Der Unterschied zwischen Ihnen und uns ist schlicht und einfach der, dass wir die Signale aus der Bevölkerung, von den Menschen dieses Landes einfach sensibler und ernsthafter aufnehmen, als Sie das tun.
Verehrte Frau Harms, Sie hören ja sonst gern auf Frau Käßmann. Heute passt das aber nicht - das ist sehr merkwürdig. Sie haben in Ihrem Beitrag nur zum Verfahren gesprochen. Sie haben überhaupt keine Position bezogen.
Sie haben mich für die FDP-Fraktion nicht einmal ein Wort sagen lassen und werfen uns schon Populismus vor. Das halte ich für absolut daneben.
Meine sehr verehrten Damen und Herren, das Verfassungsgericht hat uns das Heft des Handelns in die Hand gegeben. Wir kommen mit der Vorlage des Entwurfes zur Änderung des Niedersächsischen Schulgesetzes genau dieser Aufforderung nach. Das in der Öffentlichkeit teilweise ausgesprochen emotional behandelte Thema erforderte einen wirklich intensiven Abwägungsprozess. Genau dem hat sich die FDP-Fraktion gestellt. Wir unterhalten uns nicht erst seit dem Kopftuchurteil über dieses Thema, sondern wir befassen uns bereits seit Jahren mit dieser Frage.
Wir haben uns mit sehr kontroversen Positionen - das ist ein sehr schwieriges Unterfangen - auseinandergesetzt. Dazu gehörte auch die Einzelfallentscheidung, die Sie, Herr Jüttner, angesprochen haben.
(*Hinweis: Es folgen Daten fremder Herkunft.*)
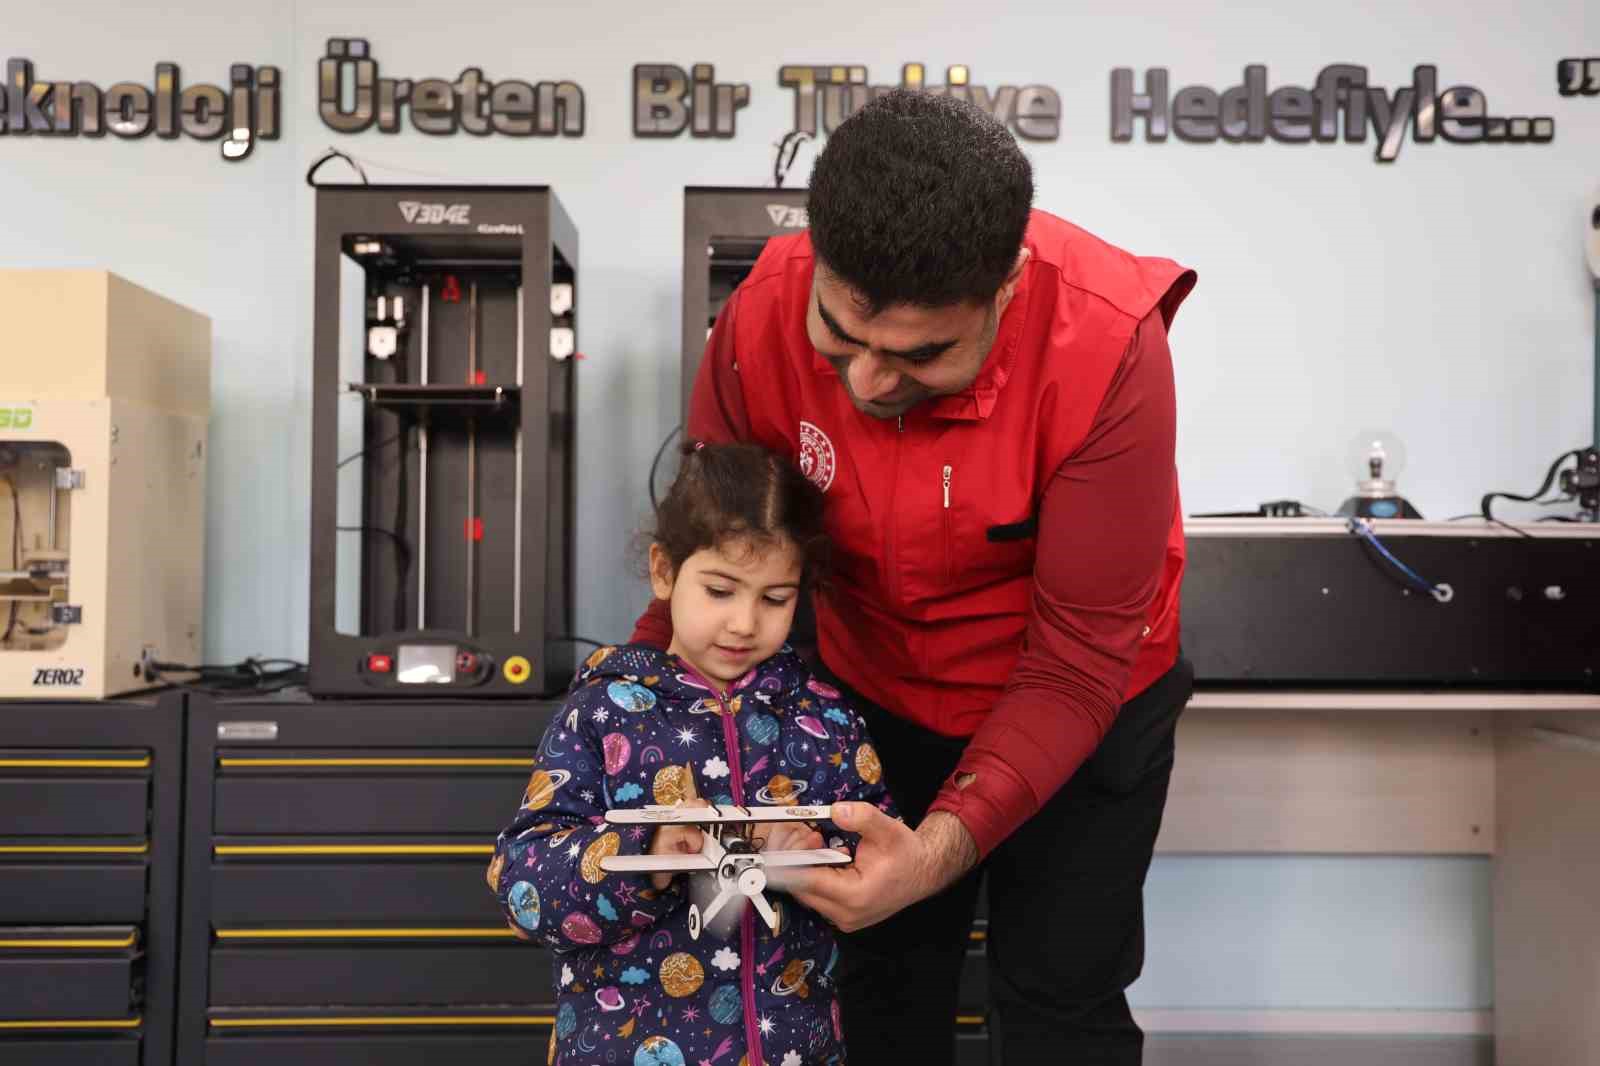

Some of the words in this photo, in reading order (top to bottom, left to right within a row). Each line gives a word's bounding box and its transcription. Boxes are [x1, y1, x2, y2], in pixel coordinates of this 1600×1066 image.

Wir haben versucht, uns dort einen ver
nünftigen juristischen Boden zu erarbeiten. Der war schlicht und einfach nicht dick genug, dass das Bestand hat, damit wir die Einzelfallentscheidung vorantreiben können. Sie ist juristisch nicht haltbar.
Wir haben in der Diskussion in der Fraktion allerdings auch die Erkenntnis gewonnen, dass das Hinauszögern - ich komme noch einmal auf die Geschäftsordnungsdebatte von heute Vormittag zurück - bezüglich der Verbesserung der einzelnen Argumente nichts bringt, was die Qualität betrifft.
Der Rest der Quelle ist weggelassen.